Tombe distrutte e cappelle vandalizzate, cimitero saccheggiato nella notte nel Mantovano: indagano i carabinieri

Cappelle di famiglia vandalizzate, tombe distrutte, croci piegate e quelle in rame rubate, loculi danneggiati, vasi di fiori rotti.
È questo lo scenario che Claudio Bavutti, sindaco di Moglia, comune di poco più di 5mila abitanti in provincia di Mantova, si è ritrovato davanti ieri mattina, sabato 27 giugno, nel cimitero del paese. Sconcertato e preoccupato per quanto accaduto ha lanciato l'allarme e chiamato immediatamente il 112 denunciando la situazione.
Sul posto sono giunti immediatamente i carabinieri della locale stazione di servizio. E come spiegato in una nota diffusa dai militari, all'arrivo sono rimasti senza parole, "basiti e esterefatti", per lo stato in cui è stato ridotto il camposanto.
Come ricostruito nel corso dei primi accertamenti, il cimitero è stato vandalizzato nella notte a cavallo tra venerdì 26 e sabato 27 giugno. Ignoti si sarebbero introdotti scavalcando una recinzione con l'intento di distruggere e rubare il più possibile.
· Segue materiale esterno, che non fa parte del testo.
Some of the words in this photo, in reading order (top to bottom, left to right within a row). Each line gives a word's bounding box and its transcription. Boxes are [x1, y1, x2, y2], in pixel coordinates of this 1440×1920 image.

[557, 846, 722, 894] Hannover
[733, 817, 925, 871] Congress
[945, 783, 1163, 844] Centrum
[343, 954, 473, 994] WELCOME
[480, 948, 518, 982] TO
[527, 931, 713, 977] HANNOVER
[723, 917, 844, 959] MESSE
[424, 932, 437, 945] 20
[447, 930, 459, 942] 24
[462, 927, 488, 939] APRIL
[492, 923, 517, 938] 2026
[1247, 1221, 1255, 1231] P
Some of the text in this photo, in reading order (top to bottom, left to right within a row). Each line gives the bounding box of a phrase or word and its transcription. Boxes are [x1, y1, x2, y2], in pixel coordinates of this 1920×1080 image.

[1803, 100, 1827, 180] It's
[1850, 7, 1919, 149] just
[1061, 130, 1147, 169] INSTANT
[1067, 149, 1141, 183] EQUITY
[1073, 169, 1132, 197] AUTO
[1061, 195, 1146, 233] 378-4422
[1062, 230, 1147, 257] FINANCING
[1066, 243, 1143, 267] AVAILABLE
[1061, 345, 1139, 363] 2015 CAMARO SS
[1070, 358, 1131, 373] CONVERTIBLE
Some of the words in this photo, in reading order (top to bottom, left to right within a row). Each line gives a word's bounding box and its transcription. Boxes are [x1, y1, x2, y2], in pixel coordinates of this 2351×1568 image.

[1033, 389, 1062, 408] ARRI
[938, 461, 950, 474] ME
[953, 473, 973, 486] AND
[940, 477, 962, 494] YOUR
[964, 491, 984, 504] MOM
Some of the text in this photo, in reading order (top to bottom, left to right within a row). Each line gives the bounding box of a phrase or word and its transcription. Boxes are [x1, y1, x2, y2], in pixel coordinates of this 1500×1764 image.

Avendo arraffato tutto quello che hanno trovato, pare che si siano portati via anche due cassonetti della spazzatura.
Le indagini per risalire al responsabile o ai responsabili di questo gesto sono state già avviate. per cercare di ricostruire quanto più nel dettaglio la dinamica dei fatti, sicuramente verranno prese in esame le immagini di videosorveglianza della zona.